ASSIGNED TASK: Return every line of the data below word for word, including the punctuation.

SOURCE DATA:
================

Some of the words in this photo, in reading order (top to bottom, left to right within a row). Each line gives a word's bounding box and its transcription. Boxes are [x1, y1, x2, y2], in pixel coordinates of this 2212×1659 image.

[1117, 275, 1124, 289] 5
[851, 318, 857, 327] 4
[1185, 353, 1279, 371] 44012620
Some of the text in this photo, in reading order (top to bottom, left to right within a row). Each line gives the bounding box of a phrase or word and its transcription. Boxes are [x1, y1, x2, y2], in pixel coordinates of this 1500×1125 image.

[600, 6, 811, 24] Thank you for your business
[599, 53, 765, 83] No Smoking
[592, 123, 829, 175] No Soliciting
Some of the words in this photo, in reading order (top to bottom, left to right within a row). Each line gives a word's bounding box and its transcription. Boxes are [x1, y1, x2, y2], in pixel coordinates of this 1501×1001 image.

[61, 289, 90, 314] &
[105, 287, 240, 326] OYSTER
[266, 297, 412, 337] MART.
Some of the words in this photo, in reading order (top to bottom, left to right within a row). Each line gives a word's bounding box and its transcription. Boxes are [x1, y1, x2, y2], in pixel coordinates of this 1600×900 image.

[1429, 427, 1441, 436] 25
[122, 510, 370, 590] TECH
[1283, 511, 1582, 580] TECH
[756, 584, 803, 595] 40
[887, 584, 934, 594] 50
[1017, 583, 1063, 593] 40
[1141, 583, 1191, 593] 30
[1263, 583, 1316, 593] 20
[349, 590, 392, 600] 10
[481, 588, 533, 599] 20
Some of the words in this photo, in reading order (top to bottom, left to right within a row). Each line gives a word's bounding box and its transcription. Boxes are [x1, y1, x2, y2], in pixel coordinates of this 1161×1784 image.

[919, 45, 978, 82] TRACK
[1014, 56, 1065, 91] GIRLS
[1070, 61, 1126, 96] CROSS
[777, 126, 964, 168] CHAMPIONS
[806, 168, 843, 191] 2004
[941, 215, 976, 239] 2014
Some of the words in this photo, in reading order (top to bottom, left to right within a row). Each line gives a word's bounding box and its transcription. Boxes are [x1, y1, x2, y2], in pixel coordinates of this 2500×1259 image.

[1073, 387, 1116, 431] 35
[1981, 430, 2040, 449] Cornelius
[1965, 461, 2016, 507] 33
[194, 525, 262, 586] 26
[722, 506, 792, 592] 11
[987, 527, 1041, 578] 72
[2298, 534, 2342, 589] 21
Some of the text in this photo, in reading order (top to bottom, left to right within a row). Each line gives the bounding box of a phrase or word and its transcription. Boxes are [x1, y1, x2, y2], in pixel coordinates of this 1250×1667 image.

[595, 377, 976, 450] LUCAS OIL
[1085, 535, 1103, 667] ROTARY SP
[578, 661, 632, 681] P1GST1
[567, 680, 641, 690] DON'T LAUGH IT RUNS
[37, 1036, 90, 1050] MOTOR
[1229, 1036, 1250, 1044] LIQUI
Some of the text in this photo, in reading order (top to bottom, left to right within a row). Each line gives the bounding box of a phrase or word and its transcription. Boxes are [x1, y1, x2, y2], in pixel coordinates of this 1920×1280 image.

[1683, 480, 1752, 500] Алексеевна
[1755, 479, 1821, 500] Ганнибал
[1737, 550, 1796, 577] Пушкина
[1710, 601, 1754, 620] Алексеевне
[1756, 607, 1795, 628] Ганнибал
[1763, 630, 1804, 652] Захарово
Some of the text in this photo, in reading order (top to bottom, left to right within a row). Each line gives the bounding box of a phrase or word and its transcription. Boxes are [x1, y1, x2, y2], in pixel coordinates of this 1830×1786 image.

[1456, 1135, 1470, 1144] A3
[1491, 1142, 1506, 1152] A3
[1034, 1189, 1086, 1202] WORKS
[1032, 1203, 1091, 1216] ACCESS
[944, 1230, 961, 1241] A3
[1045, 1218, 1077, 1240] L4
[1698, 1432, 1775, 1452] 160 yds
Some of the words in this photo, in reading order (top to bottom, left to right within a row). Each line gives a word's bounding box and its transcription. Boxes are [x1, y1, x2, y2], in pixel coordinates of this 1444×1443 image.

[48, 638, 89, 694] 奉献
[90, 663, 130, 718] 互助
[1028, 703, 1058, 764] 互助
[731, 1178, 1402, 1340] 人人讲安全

================

RESPONSE TO THE EXERCISE:
Some of the words in this photo, in reading order (top to bottom, left to right within a row). Each line gives a word's bounding box and its transcription. Boxes are [x1, y1, x2, y2], in pixel coordinates of this 2212×1659 image.

[1117, 275, 1124, 289] 5
[851, 318, 857, 327] 4
[1185, 353, 1279, 371] 44012620
Some of the text in this photo, in reading order (top to bottom, left to right within a row). Each line gives the bounding box of a phrase or word and its transcription. Boxes are [x1, y1, x2, y2], in pixel coordinates of this 1500×1125 image.

[600, 6, 811, 24] Thank you for your business
[599, 53, 765, 83] No Smoking
[592, 123, 829, 175] No Soliciting
Some of the words in this photo, in reading order (top to bottom, left to right within a row). Each line gives a word's bounding box and its transcription. Boxes are [x1, y1, x2, y2], in pixel coordinates of this 1501×1001 image.

[61, 289, 90, 314] &
[105, 287, 240, 326] OYSTER
[266, 297, 412, 337] MART.
Some of the words in this photo, in reading order (top to bottom, left to right within a row). Each line gives a word's bounding box and its transcription. Boxes are [x1, y1, x2, y2], in pixel coordinates of this 1600×900 image.

[1429, 427, 1441, 436] 25
[122, 510, 370, 590] TECH
[1283, 511, 1582, 580] TECH
[756, 584, 803, 595] 40
[887, 584, 934, 594] 50
[1017, 583, 1063, 593] 40
[1141, 583, 1191, 593] 30
[1263, 583, 1316, 593] 20
[349, 590, 392, 600] 10
[481, 588, 533, 599] 20
Some of the words in this photo, in reading order (top to bottom, left to right within a row). Each line gives a word's bounding box and its transcription. Boxes are [x1, y1, x2, y2], in pixel coordinates of this 1161×1784 image.

[919, 45, 978, 82] TRACK
[1014, 56, 1065, 91] GIRLS
[1070, 61, 1126, 96] CROSS
[777, 126, 964, 168] CHAMPIONS
[806, 168, 843, 191] 2004
[941, 215, 976, 239] 2014
Some of the words in this photo, in reading order (top to bottom, left to right within a row). Each line gives a word's bounding box and its transcription. Boxes are [x1, y1, x2, y2], in pixel coordinates of this 2500×1259 image.

[1073, 387, 1116, 431] 35
[1981, 430, 2040, 449] Cornelius
[1965, 461, 2016, 507] 33
[194, 525, 262, 586] 26
[722, 506, 792, 592] 11
[987, 527, 1041, 578] 72
[2298, 534, 2342, 589] 21
Some of the text in this photo, in reading order (top to bottom, left to right within a row). Each line gives the bounding box of a phrase or word and its transcription. Boxes are [x1, y1, x2, y2], in pixel coordinates of this 1250×1667 image.

[595, 377, 976, 450] LUCAS OIL
[1085, 535, 1103, 667] ROTARY SP
[578, 661, 632, 681] P1GST1
[567, 680, 641, 690] DON'T LAUGH IT RUNS
[37, 1036, 90, 1050] MOTOR
[1229, 1036, 1250, 1044] LIQUI
Some of the text in this photo, in reading order (top to bottom, left to right within a row). Each line gives the bounding box of a phrase or word and its transcription. Boxes are [x1, y1, x2, y2], in pixel coordinates of this 1920×1280 image.

[1683, 480, 1752, 500] Алексеевна
[1755, 479, 1821, 500] Ганнибал
[1737, 550, 1796, 577] Пушкина
[1710, 601, 1754, 620] Алексеевне
[1756, 607, 1795, 628] Ганнибал
[1763, 630, 1804, 652] Захарово
Some of the text in this photo, in reading order (top to bottom, left to right within a row). Each line gives the bounding box of a phrase or word and its transcription. Boxes are [x1, y1, x2, y2], in pixel coordinates of this 1830×1786 image.

[1456, 1135, 1470, 1144] A3
[1491, 1142, 1506, 1152] A3
[1034, 1189, 1086, 1202] WORKS
[1032, 1203, 1091, 1216] ACCESS
[944, 1230, 961, 1241] A3
[1045, 1218, 1077, 1240] L4
[1698, 1432, 1775, 1452] 160 yds
Some of the words in this photo, in reading order (top to bottom, left to right within a row). Each line gives a word's bounding box and its transcription. Boxes are [x1, y1, x2, y2], in pixel coordinates of this 1444×1443 image.

[48, 638, 89, 694] 奉献
[90, 663, 130, 718] 互助
[1028, 703, 1058, 764] 互助
[731, 1178, 1402, 1340] 人人讲安全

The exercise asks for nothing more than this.